ASSIGNMENT = Copy out the listing that follows, exact in every word, and skip the images.

THE INPUT =
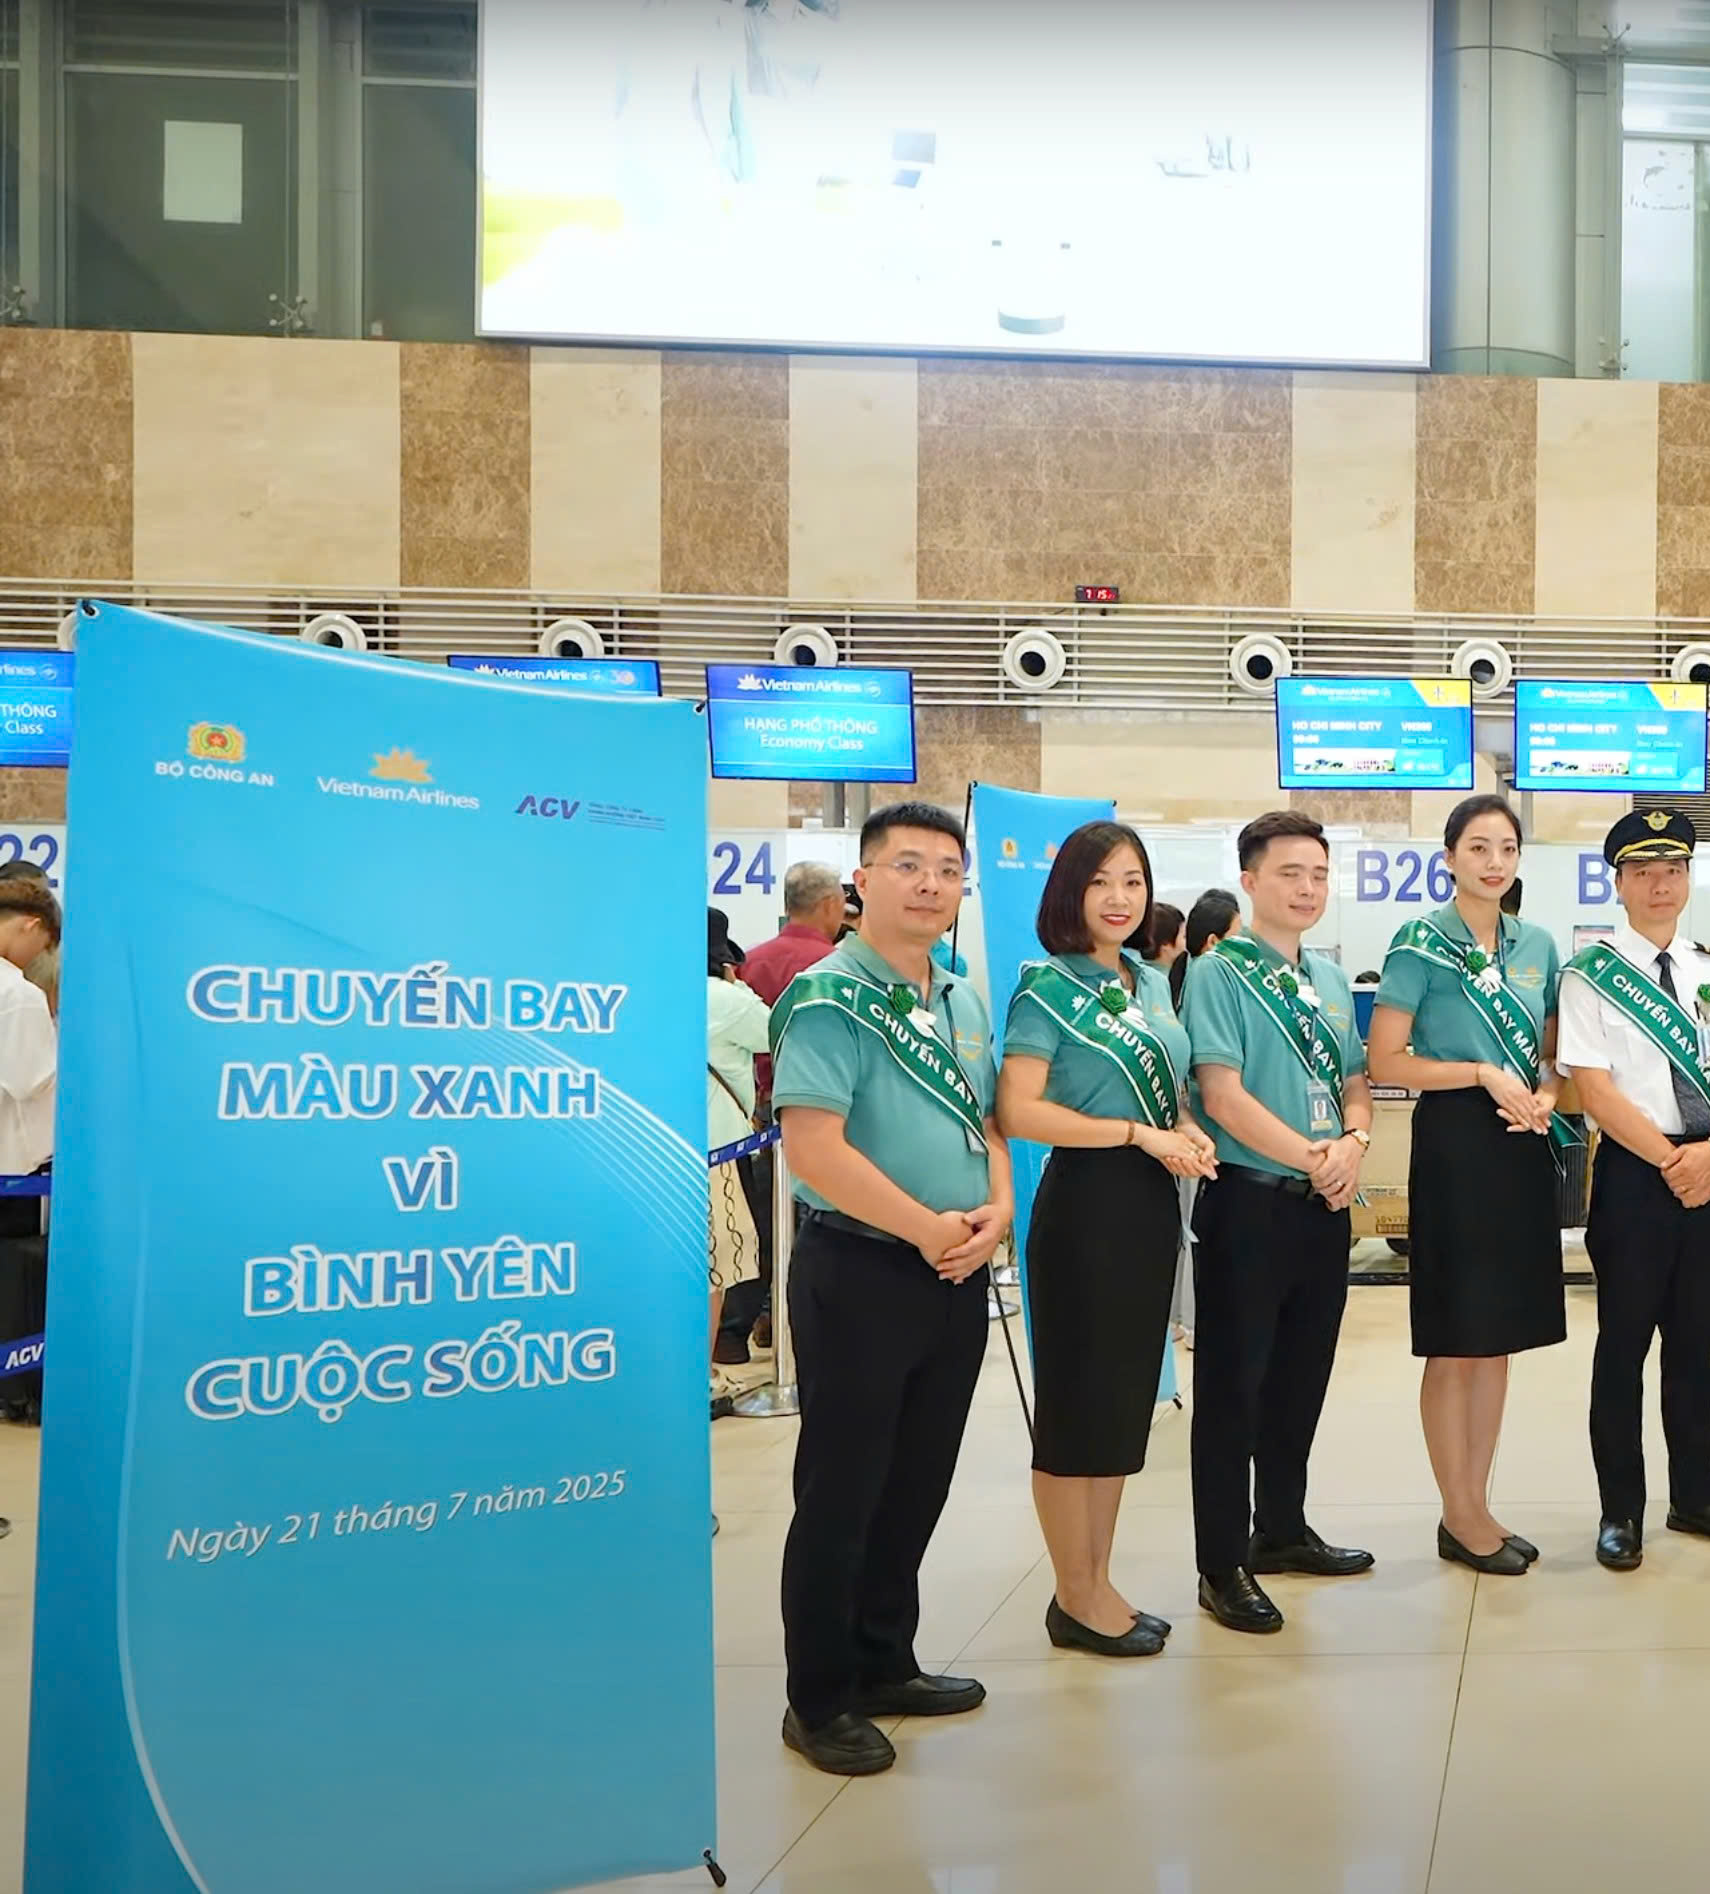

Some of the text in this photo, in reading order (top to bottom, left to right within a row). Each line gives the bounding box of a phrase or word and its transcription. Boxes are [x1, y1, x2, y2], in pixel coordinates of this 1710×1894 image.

[4, 720, 45, 735] Class
[743, 716, 788, 733] HẠNG
[825, 718, 878, 735] THÔNG
[760, 734, 864, 751] Economy Class
[154, 759, 275, 787] BỘ CÔNG AN
[514, 794, 581, 820] ACV
[712, 841, 776, 895] 24
[1356, 850, 1454, 903] B26
[187, 961, 628, 1033] CHUYẾN BAY
[1611, 973, 1673, 1029] CHUYẾN
[1668, 1024, 1697, 1056] BAY
[868, 1002, 941, 1075] CHUYẾN
[1094, 1012, 1158, 1080] CHUYẾN
[1312, 1039, 1336, 1072] BAY
[1511, 1030, 1540, 1069] MÀU
[217, 1053, 602, 1121] MÀU XANH
[383, 1146, 458, 1212] VÌ
[243, 1235, 577, 1317] BÌNH YÊN
[4, 1341, 45, 1370] ACV
[185, 1320, 616, 1423] CUỘC SỐNG
[166, 1469, 628, 1564] Ngày 21 tháng 7 năm 2025

EXERCISE SOLUTION =
Some of the text in this photo, in reading order (top to bottom, left to right within a row). Each line gives the bounding box of a phrase or word and its transcription. Boxes are [x1, y1, x2, y2], in pixel coordinates of this 1710×1894 image.

[4, 720, 45, 735] Class
[743, 716, 788, 733] HẠNG
[825, 718, 878, 735] THÔNG
[760, 734, 864, 751] Economy Class
[154, 759, 275, 787] BỘ CÔNG AN
[514, 794, 581, 820] ACV
[712, 841, 776, 895] 24
[1356, 850, 1454, 903] B26
[187, 961, 628, 1033] CHUYẾN BAY
[1611, 973, 1673, 1029] CHUYẾN
[1668, 1024, 1697, 1056] BAY
[868, 1002, 941, 1075] CHUYẾN
[1094, 1012, 1158, 1080] CHUYẾN
[1312, 1039, 1336, 1072] BAY
[1511, 1030, 1540, 1069] MÀU
[217, 1053, 602, 1121] MÀU XANH
[383, 1146, 458, 1212] VÌ
[243, 1235, 577, 1317] BÌNH YÊN
[4, 1341, 45, 1370] ACV
[185, 1320, 616, 1423] CUỘC SỐNG
[166, 1469, 628, 1564] Ngày 21 tháng 7 năm 2025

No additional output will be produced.